Suatu malam di Kota Metropolitan.

Roda motor itu tetap berputar, menghadang, memeluk debu dan dingin-dingin udara. Nggak ada gelap di sana; begitu terang benderang gedung-gedung pencakar langit, lampu-lampu jalan, juga warung-warung kopi trotoar.

Sampai pada suatu waktu roda motor itu harus berhenti di sebuah lampu merah perempatan jalan, di bawah kokoh beton jalur tol melingkar di atas. Menyalami langit malam.

Dengan energi yang mulai terkuras dan mata yang menyayup diterpa dingin, di zebra cross, sepasang insan berhamburan di antara kendaraan yang berhenti. Mereka menyanyi, mereka mengamen. Sang Lelaki memetik gitar, Sang Wanita bermain kecrek. Lantun melodi lagu ala kadar bersamaan mereka nyanyikan.
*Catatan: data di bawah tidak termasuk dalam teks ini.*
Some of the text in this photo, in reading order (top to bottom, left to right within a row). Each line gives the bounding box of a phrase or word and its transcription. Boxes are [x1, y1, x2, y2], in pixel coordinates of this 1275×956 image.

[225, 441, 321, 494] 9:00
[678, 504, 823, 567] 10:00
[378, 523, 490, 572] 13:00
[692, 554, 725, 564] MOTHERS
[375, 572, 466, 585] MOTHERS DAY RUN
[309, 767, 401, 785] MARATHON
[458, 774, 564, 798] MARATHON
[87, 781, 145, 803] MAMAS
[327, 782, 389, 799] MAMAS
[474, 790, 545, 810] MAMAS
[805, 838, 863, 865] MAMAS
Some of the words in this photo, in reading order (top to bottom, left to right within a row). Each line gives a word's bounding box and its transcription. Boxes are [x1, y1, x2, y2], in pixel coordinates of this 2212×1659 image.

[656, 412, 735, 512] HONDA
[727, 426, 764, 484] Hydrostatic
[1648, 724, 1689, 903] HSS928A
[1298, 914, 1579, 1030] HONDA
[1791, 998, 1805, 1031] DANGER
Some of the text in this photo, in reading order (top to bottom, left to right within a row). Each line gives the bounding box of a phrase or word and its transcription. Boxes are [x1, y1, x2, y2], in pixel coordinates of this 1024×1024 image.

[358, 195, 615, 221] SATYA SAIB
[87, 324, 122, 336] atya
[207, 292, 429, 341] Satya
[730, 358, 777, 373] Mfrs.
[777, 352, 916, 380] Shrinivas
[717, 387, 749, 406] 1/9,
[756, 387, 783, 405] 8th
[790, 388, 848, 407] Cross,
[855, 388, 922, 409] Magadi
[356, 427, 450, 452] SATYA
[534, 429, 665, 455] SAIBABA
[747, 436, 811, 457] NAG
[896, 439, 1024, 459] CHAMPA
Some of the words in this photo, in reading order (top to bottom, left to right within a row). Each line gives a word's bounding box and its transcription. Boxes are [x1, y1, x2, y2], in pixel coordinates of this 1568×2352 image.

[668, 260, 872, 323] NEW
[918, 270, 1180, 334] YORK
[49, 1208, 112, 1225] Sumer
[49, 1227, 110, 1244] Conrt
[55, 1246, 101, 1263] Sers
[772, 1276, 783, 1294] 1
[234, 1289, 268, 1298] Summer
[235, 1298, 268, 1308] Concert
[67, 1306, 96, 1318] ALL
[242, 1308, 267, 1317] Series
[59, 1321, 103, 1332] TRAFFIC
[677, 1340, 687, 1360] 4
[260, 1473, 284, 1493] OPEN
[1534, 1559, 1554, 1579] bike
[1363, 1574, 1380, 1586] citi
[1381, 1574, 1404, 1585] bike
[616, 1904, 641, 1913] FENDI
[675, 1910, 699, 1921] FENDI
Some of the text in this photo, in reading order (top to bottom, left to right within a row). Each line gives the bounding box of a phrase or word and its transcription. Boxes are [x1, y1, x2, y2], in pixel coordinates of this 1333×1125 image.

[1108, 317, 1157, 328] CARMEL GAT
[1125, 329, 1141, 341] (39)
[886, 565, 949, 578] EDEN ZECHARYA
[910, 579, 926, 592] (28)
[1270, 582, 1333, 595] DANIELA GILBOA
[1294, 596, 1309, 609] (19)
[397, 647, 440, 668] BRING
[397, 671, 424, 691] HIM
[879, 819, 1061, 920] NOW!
Dalam kondisi badan yang kurang fit, pikiran gua malah melambung, berhamburan bebas tak terkendali. Melihat itu, gua jadi jatuh iba. Apalagi dengan melihat seorang bayi yang terbelit kain batik tipis yang melingkari pundak kiri hingga pinggang Sang Wanita. Di tengah malam, mereka harus berdingin-dingin berngantuk-ngantuk mengais rezeki dengan tetap mengajak anaknya yang masih bayi yang mungkin nggak bisa ditinggal. Masih harus ada manusia sepertinya; tertatih untuk menyambung hidup, terlihat ringkih di tengah kota yang semakin gagah.

Gua malah jadi bertanya-tanya, kenapa Tuhan tega menciptakan dan memberikan takdir seperti itu pada makhluknya? Melihat mereka, tentu sangat mengetuk pintu manusiawi. Padahal untuk membuat sejahtera, nggak ada yang mustahil bagi-Nya? Mudah-mudah saja. Kenapa harus menekan begitu susahnya mendapatkan selembar 2 ribu dengan harus berdingin-dingin, berngantuk-ngantuk, bercapek-capek menyanyi mengamen di larut malam. Ya, larut. Waktu sudah hampir setengah 2 dini hari. Ah, gua nggak bisa lebih jauh ngebayangin!

Akhirnya, untuk menumbuhkan rasa husnudzon pada Tuhan; gua mikirnya, mungkin karena setiap sebab pasti ada akibat. Dengan mereka yang seperti ini sekarang, mungkin menjadi jawaban atas diri mereka yang dahulu. Bagaimana belajar, ibadah, niat dan tekadnya. Takdir juga tetap ikut peran.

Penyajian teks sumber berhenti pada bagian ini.